Records for the task —
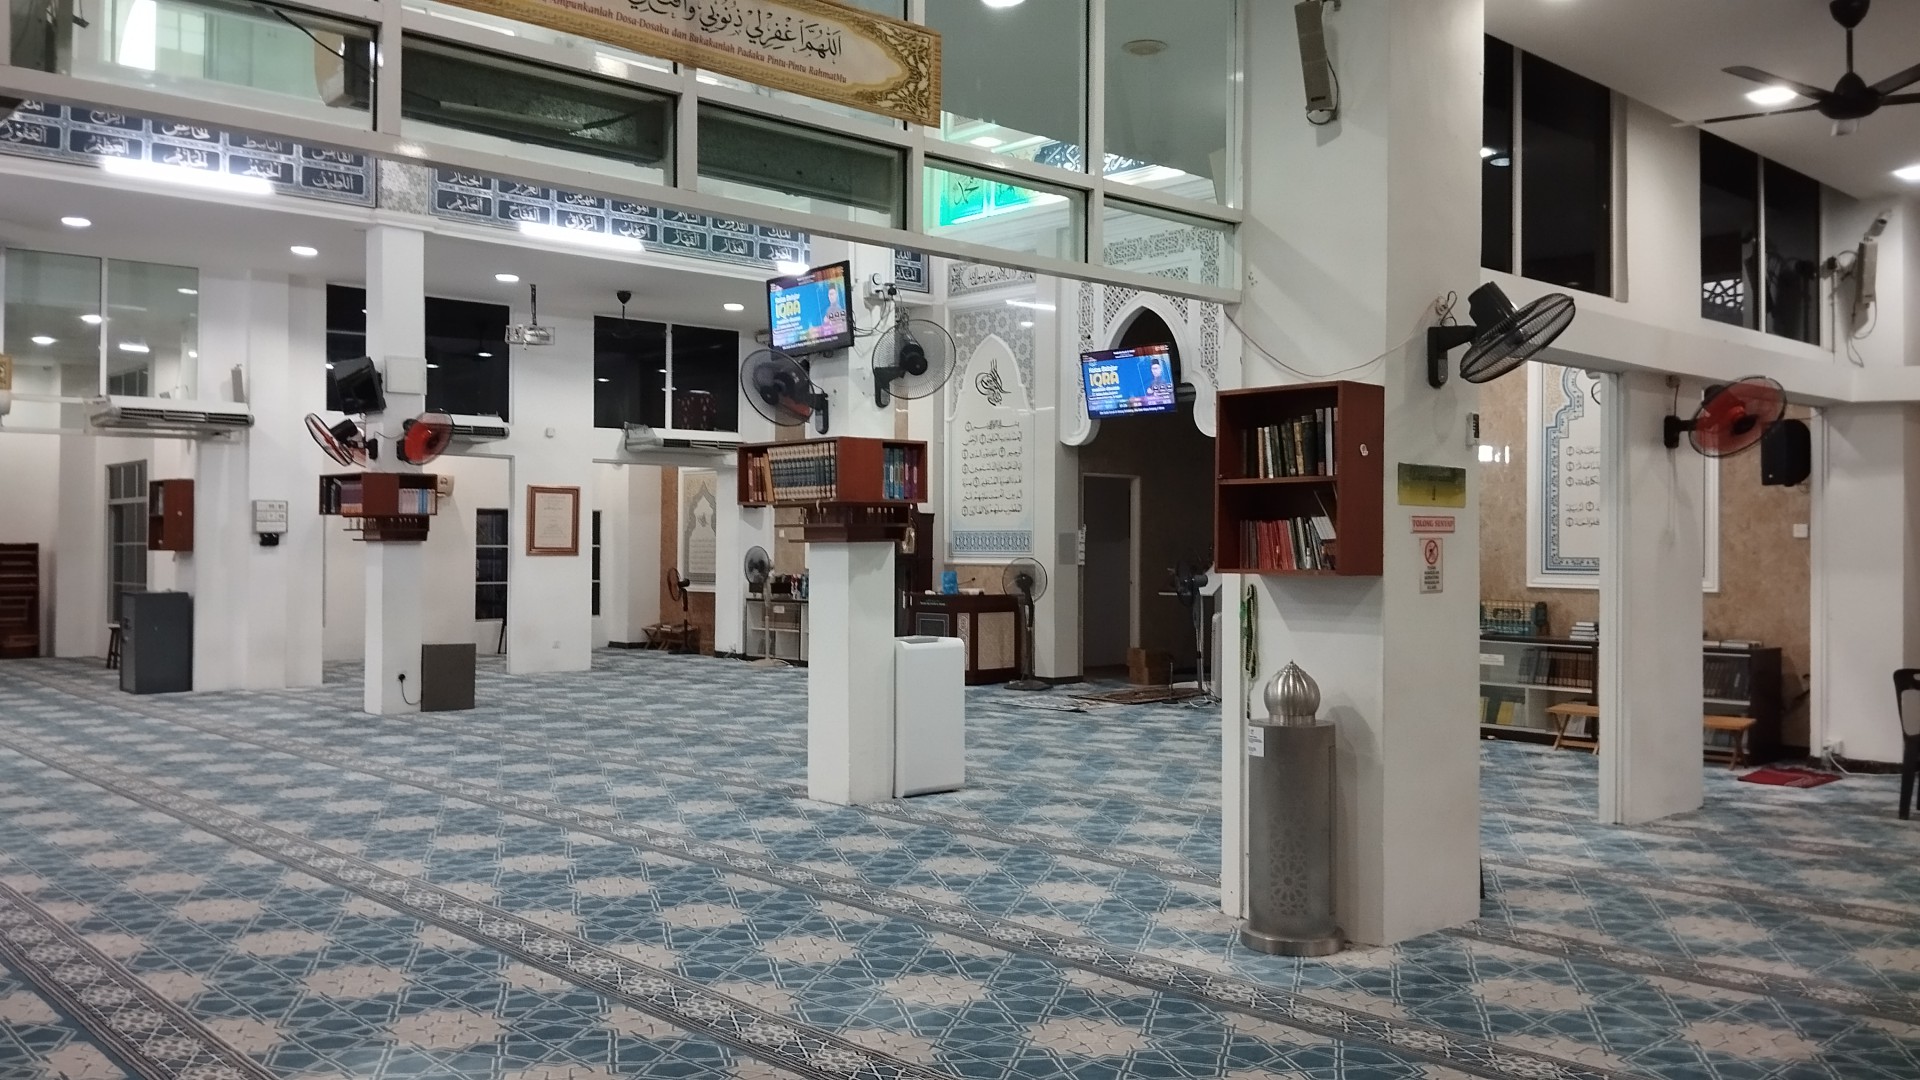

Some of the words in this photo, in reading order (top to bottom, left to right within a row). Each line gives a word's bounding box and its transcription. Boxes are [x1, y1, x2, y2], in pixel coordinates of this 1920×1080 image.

[616, 11, 670, 35] Dosa-Dosaku
[671, 28, 688, 40] dan
[688, 32, 736, 55] Bukakanlah
[737, 46, 766, 63] Padaku
[767, 54, 807, 74] Pintu-Pintu
[808, 65, 848, 84] RahmatMu
[1089, 371, 1120, 387] IQRA

What is required — All of the entries above must be reproduced exactly, and no image may be included.

Task solution —
Some of the words in this photo, in reading order (top to bottom, left to right within a row). Each line gives a word's bounding box and its transcription. Boxes are [x1, y1, x2, y2], in pixel coordinates of this 1920×1080 image.

[616, 11, 670, 35] Dosa-Dosaku
[671, 28, 688, 40] dan
[688, 32, 736, 55] Bukakanlah
[737, 46, 766, 63] Padaku
[767, 54, 807, 74] Pintu-Pintu
[808, 65, 848, 84] RahmatMu
[1089, 371, 1120, 387] IQRA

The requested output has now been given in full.